- What the task requires:
If a picture appears in the records, leave it out and transcribe the rest exactly.
"""
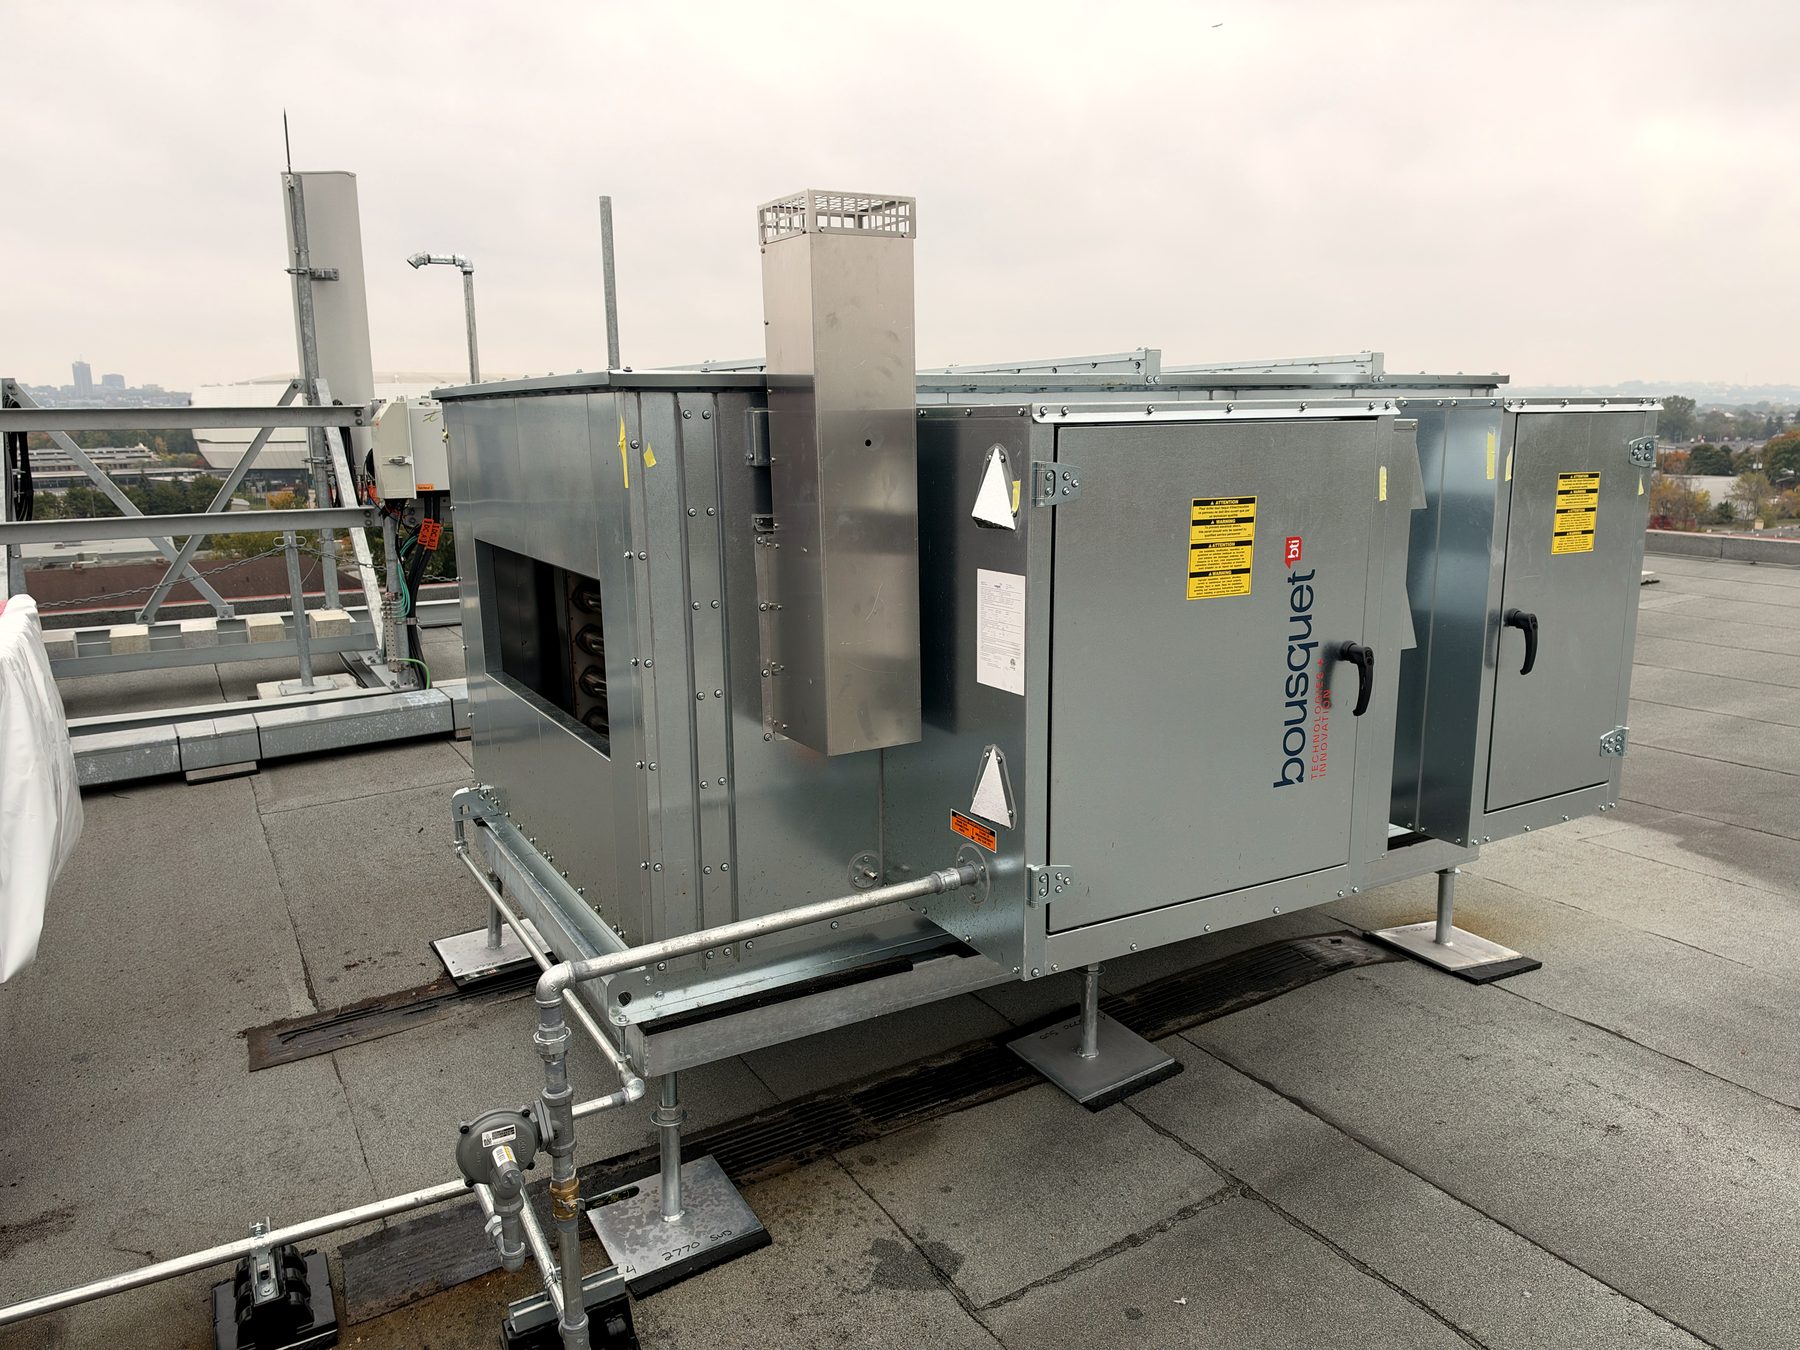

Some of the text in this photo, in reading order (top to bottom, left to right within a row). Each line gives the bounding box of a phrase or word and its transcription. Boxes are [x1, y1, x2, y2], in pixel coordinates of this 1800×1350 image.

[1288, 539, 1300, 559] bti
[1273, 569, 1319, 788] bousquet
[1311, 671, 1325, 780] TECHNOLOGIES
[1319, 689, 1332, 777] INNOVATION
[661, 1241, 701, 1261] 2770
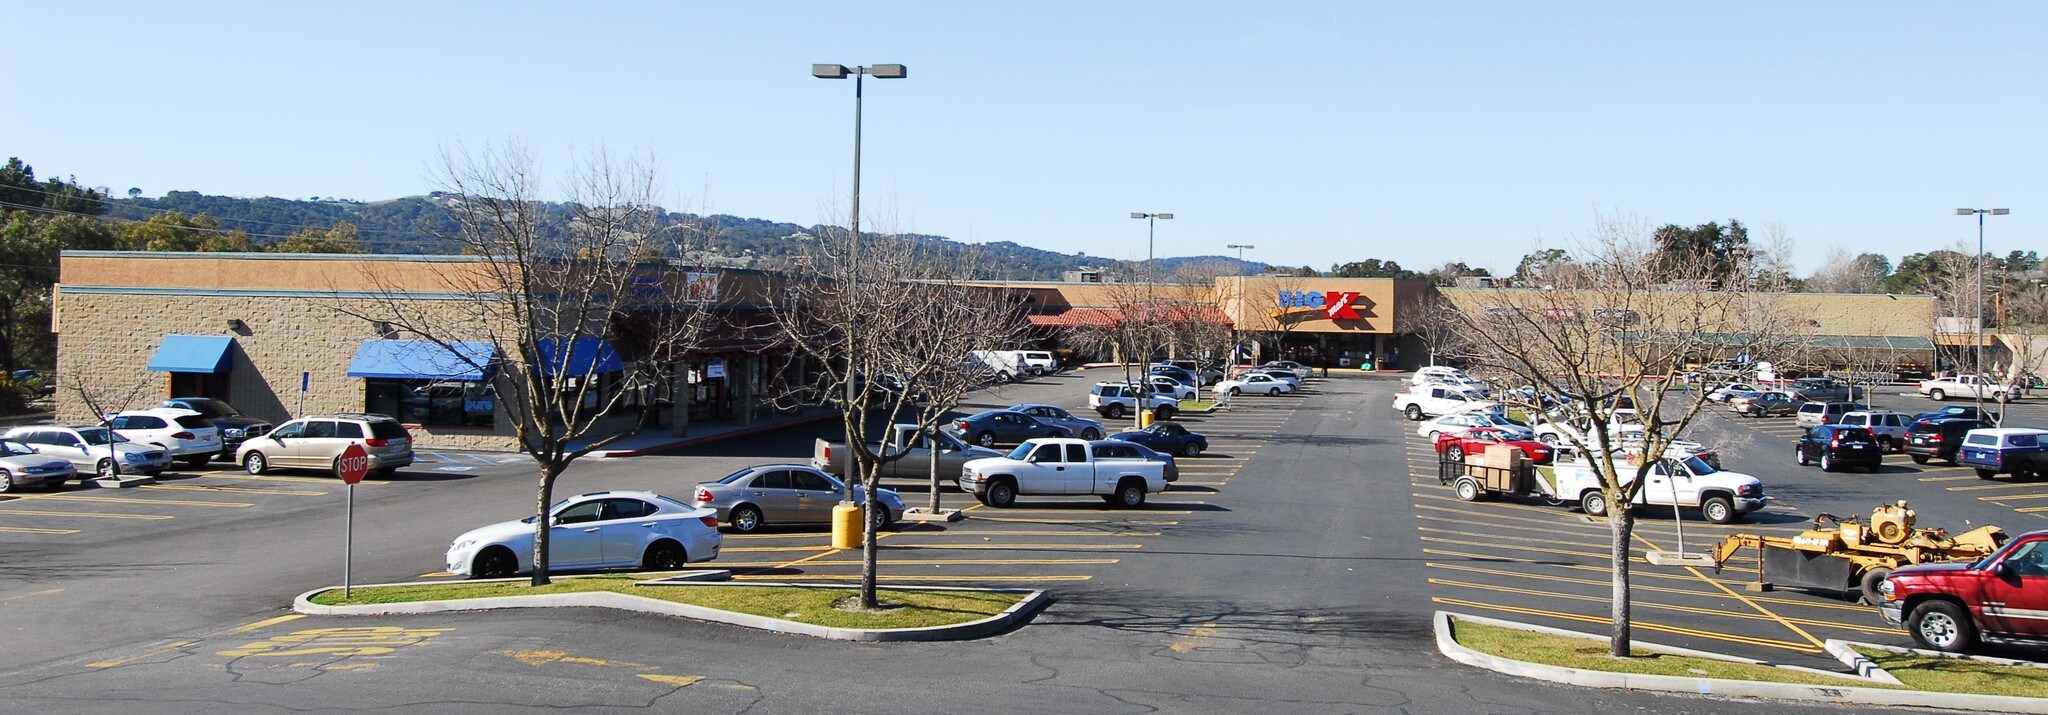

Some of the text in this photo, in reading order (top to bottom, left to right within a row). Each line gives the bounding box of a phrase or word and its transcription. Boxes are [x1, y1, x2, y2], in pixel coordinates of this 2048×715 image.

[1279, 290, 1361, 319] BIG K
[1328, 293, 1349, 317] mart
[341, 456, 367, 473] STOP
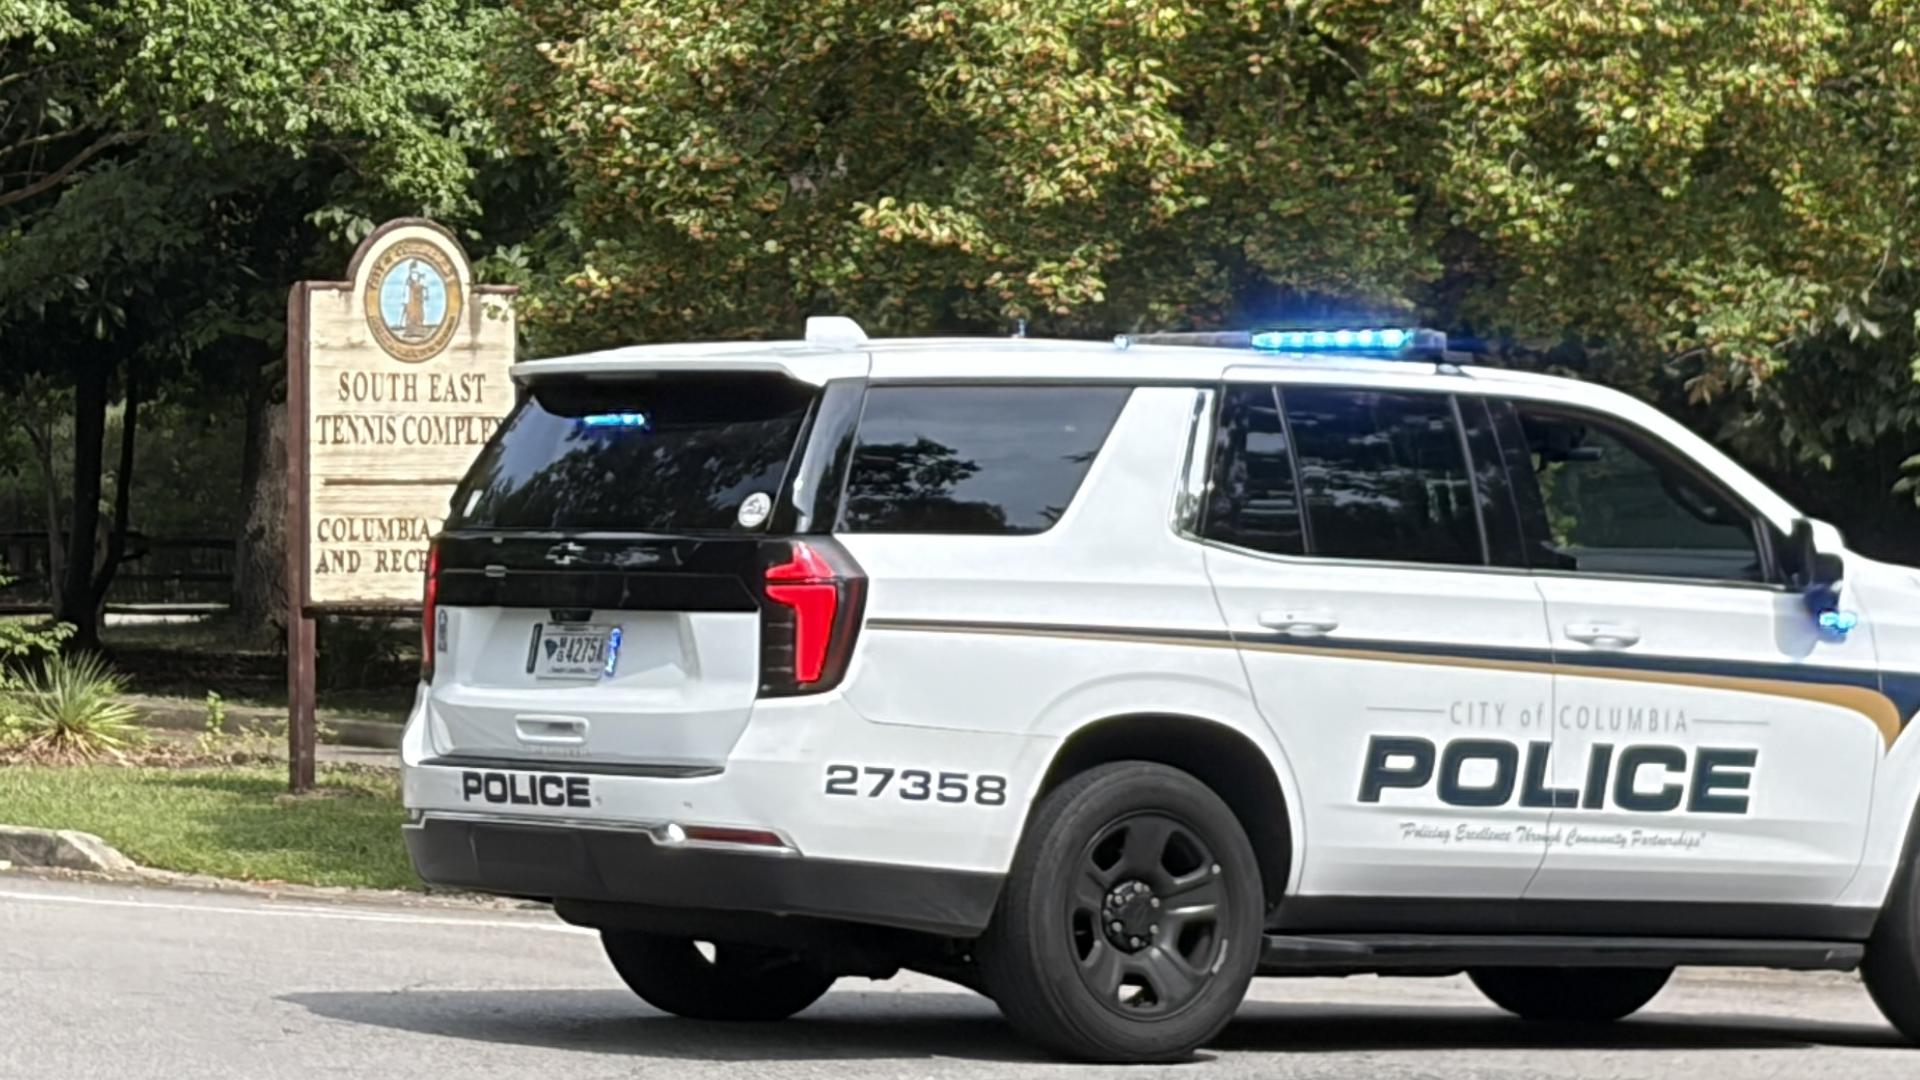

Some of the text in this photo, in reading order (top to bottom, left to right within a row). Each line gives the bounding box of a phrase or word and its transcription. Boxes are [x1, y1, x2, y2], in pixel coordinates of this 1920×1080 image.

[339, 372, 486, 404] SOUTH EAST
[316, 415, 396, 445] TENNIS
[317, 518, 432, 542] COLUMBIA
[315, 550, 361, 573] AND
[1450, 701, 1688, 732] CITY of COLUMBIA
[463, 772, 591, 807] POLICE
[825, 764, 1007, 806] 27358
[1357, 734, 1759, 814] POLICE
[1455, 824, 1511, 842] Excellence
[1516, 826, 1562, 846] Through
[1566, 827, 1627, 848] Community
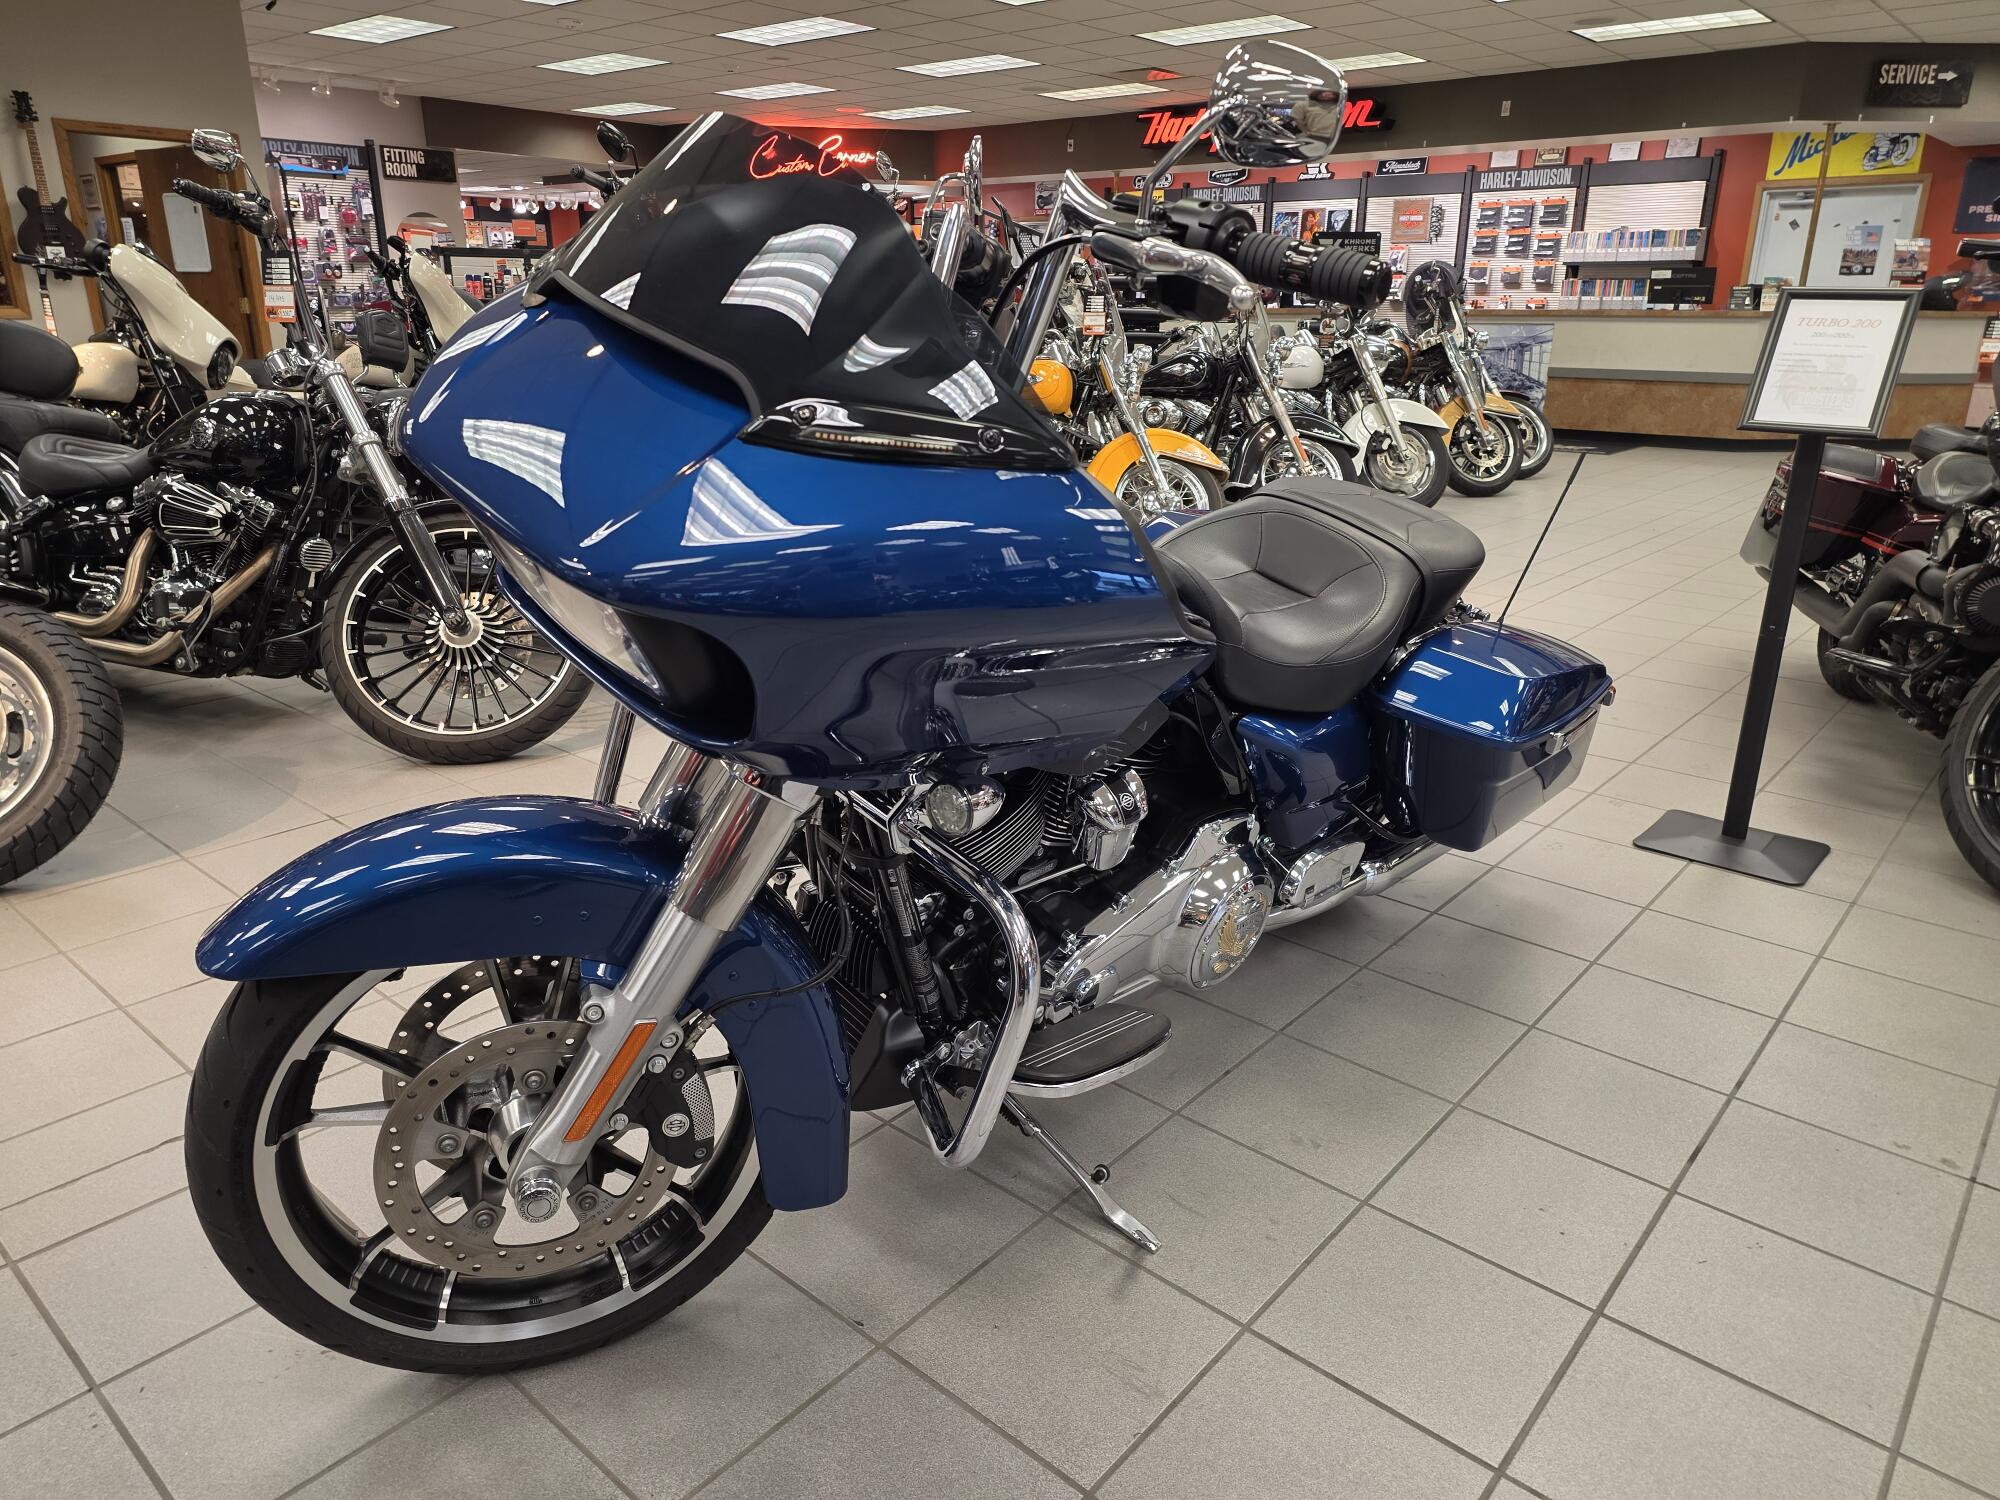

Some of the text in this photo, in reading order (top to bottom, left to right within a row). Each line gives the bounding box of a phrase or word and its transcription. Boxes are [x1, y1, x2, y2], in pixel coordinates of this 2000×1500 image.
"""
- Task solution:
Some of the text in this photo, in reading order (top to bottom, left to right within a row). Each line gives the bounding box of a phrase or word and its transcription. Boxes are [x1, y1, x2, y2], in pixel coordinates of this 1800×1350 image.

[1288, 539, 1300, 559] bti
[1273, 569, 1319, 788] bousquet
[1311, 671, 1325, 780] TECHNOLOGIES
[1319, 689, 1332, 777] INNOVATION
[661, 1241, 701, 1261] 2770

Some of the text in this photo, in reading order (top to bottom, left to right within a row). Each line gives the bounding box of a phrase or word and its transcription. Boxes are [x1, y1, x2, y2], in pixel coordinates of this 2048×715 image.

[1279, 290, 1361, 319] BIG K
[1328, 293, 1349, 317] mart
[341, 456, 367, 473] STOP

Some of the text in this photo, in reading order (top to bottom, left to right within a row). Each line gives the bounding box of a phrase or word and its transcription. Boxes are [x1, y1, x2, y2], in pixel coordinates of this 1920×1080 image.

[339, 372, 486, 404] SOUTH EAST
[316, 415, 396, 445] TENNIS
[317, 518, 432, 542] COLUMBIA
[315, 550, 361, 573] AND
[1450, 701, 1688, 732] CITY of COLUMBIA
[463, 772, 591, 807] POLICE
[825, 764, 1007, 806] 27358
[1357, 734, 1759, 814] POLICE
[1455, 824, 1511, 842] Excellence
[1516, 826, 1562, 846] Through
[1566, 827, 1627, 848] Community

Some of the text in this photo, in reading order (top to bottom, left to right within a row). Each line gives the bounding box of a phrase or word and its transcription. Boxes are [x1, y1, x2, y2], in pixel coordinates of this 2000×1500 image.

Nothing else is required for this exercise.